Retype the data below exactly; skip every image.
*** Materials provided Section Begins ***
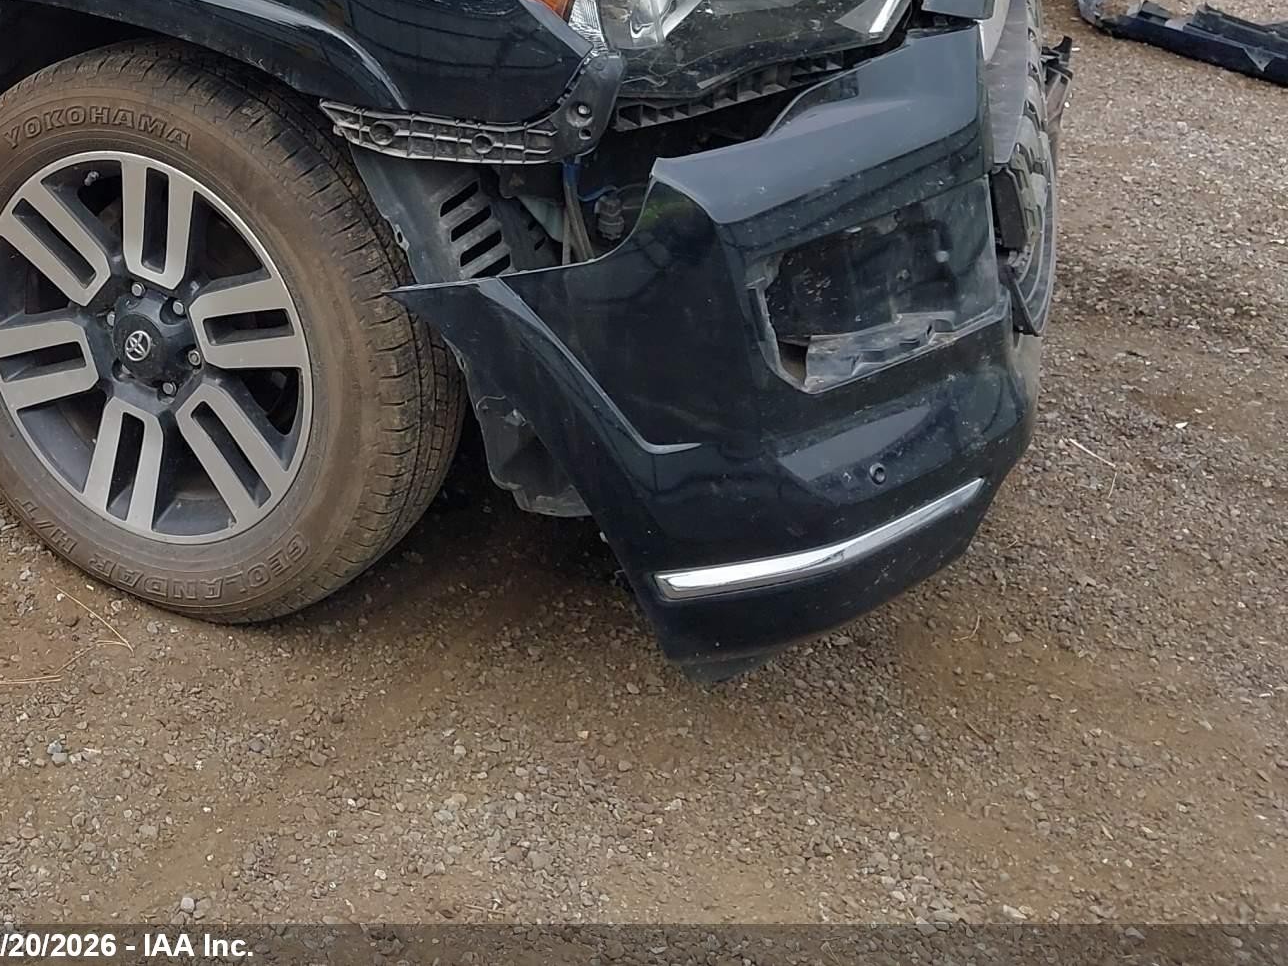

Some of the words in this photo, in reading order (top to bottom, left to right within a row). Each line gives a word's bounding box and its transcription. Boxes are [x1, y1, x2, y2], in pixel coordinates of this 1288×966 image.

[4, 106, 192, 151] YOKOHAMA
[14, 498, 78, 555] H/T
[87, 533, 310, 599] GEOLANDAR
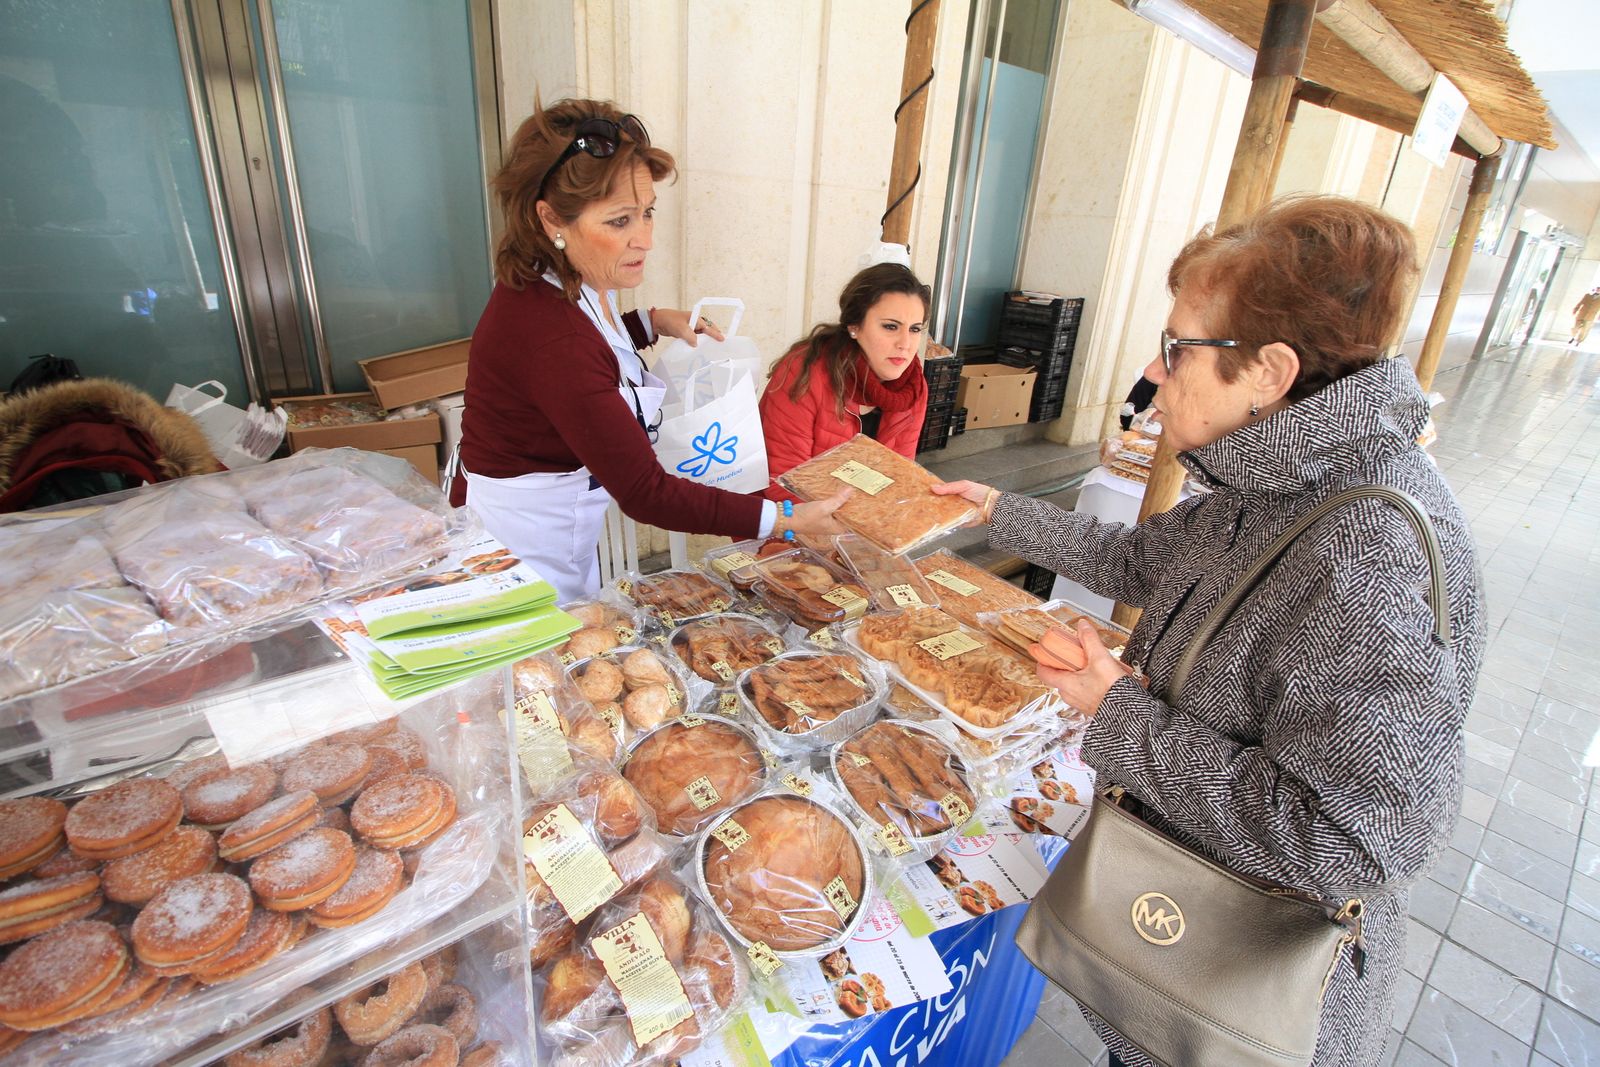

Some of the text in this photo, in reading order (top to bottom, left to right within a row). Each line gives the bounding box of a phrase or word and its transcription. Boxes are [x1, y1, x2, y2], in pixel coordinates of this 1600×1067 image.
*** Materials provided Section Ends ***
▶ **Response**
Some of the words in this photo, in reading order (top to bottom, left to right within a row). Each line gives a word's bounding box and its transcription. Boxes are [x1, y1, x2, y2], in pixel coordinates of this 1288×966 image.

[4, 106, 192, 151] YOKOHAMA
[14, 498, 78, 555] H/T
[87, 533, 310, 599] GEOLANDAR

Some of the text in this photo, in reading order (top to bottom, left to right within a row). Each line gives the bounding box of a phrase or word and its transcription. Boxes are [x1, y1, x2, y2], in pixel coordinates of this 1600×1067 image.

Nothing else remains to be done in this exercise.